Another analysis of proteaargues that Gensler’s dodge on the matter may be a consequence of earlier SEC inaction after the infamous dao cheat, which saw the blockchain fork at Ethereum Classic and put the entire ecosystem at risk. At the time, however, the SEC did nothing, and Gensler now finds himself in the unenviable position of making up for the oversights of his predecessors. Now that the Ethereum ecosystem has spent years recovering and building credibility, retroactively declaring it an unregistered security would have unforeseen, but undoubtedly disastrous consequences for investors.
In other words, protecting investors in this case would mean protecting them from the protector.
However, perhaps another reason could be behind Gensler’s reluctance to clearly classify Ethereum: he may not know.
Cryptocurrencies and their underlying technologies are innovative and novel. They represent a fundamental shift in the way we understand finance and asset ownership and, in the case of decentralized ecosystems like Ethereum, introduce entirely new paradigms.
If this is true, it’s not unreasonable to suspect that most people, even those deeply involved in space, may not fully understand the implications of these innovations just yet.
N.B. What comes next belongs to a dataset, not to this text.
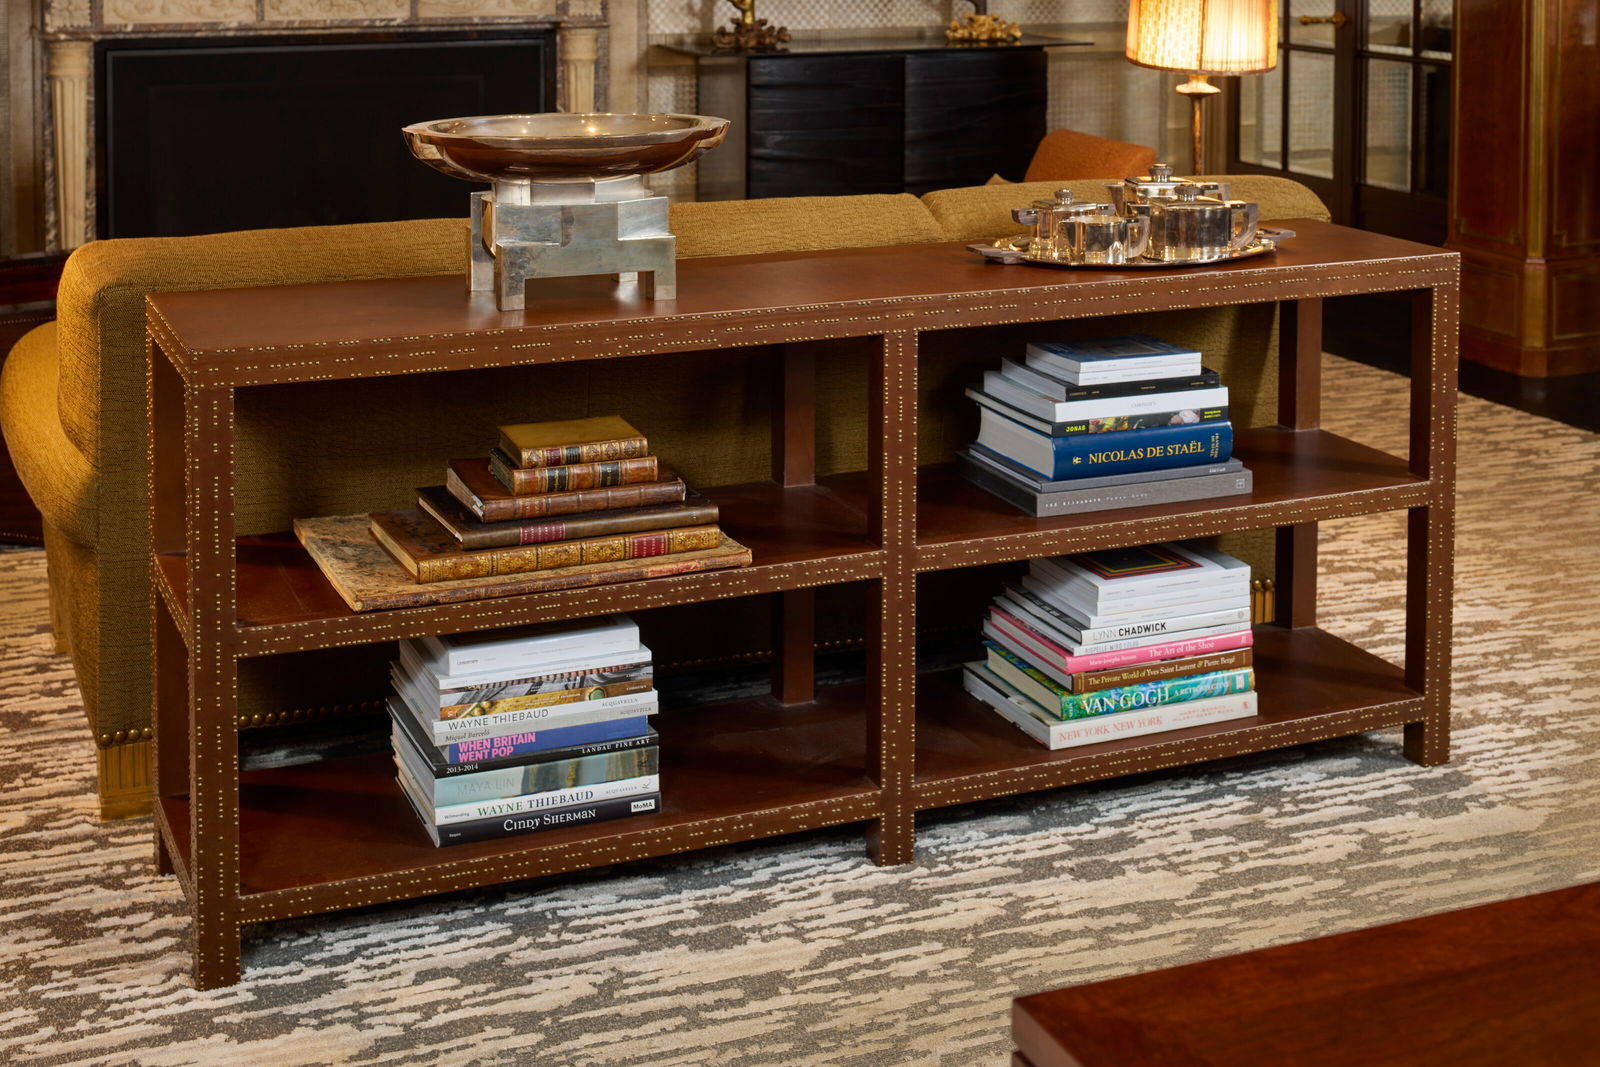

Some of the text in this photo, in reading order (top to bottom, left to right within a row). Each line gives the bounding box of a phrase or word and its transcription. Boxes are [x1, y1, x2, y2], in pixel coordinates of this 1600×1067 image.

Anything that is fundamentally new will resist categorization, and Ethereum does: this lack of a concrete “concept” that defines Ethereum but fits previous understandings is the central problem around its regulation.
This regulatory ambiguity presents a complex challenge for Ethereum, but it does not diminish the urgency of addressing it. The advancement of the crypto industry depends on obtaining clear legal definitions for Layer 1 (L1) tokens, such as Ethereum, which function simultaneously as means of daily exchange and investment vehicles within their respective ecosystems. Ambiguity in their status poses a significant obstacle, halting progress and fostering uncertainty in a space that is ripe for growth and innovation.
The dichotomy of the roles of these tokens blurs the line between conventional asset classes, forcing us to confront the inadequacies in existing legal structures. To boost the crypto industry, regulators need to recognize and address this nuanced reality. Until a refined framework emerges that accurately captures the dual functionality of these L1 tokens, regulatory ambiguity will continue to engulf the industry, stifling its full potential and deterring widespread adoption. This unique cryptographic space requires equally unique rules, which can encapsulate its dynamism and complexity.
making significant progress
The path to comprehensive crypto regulation is clouded by two major obstacles, which must be urgently addressed for the responsible advancement of the sector.
First, the US Securities and Exchange Commission (SEC) must take a formal position on Ethereum. Given the SEC’s historical inaction to restrict Ethereum’s growth when opportunities presented themselves, it has inadvertently fostered an environment where investors are left in regulatory limbo. The SEC, as protector of investors, has a duty to provide some form of regulatory guidance, even if it turns out to be temporary, to offer a fundamental starting point and eliminate the current state of speculation. The lack of clear regulation is not simply a drawback; it is a failure to provide the necessary protections for participants in an increasingly important market.
Second, authentic and open discussions about the nature of digital assets are crucial. This means engaging in conversations devoid of preconceived notions, biases, ideological stances, or empty rhetoric. We often talk about making space to “have the conversation,” but acknowledging that the conversation needs to take place and actually having one are two very different exercises. Perhaps everyone in the industry, as well as those who oversee it, would benefit from practicing the latter.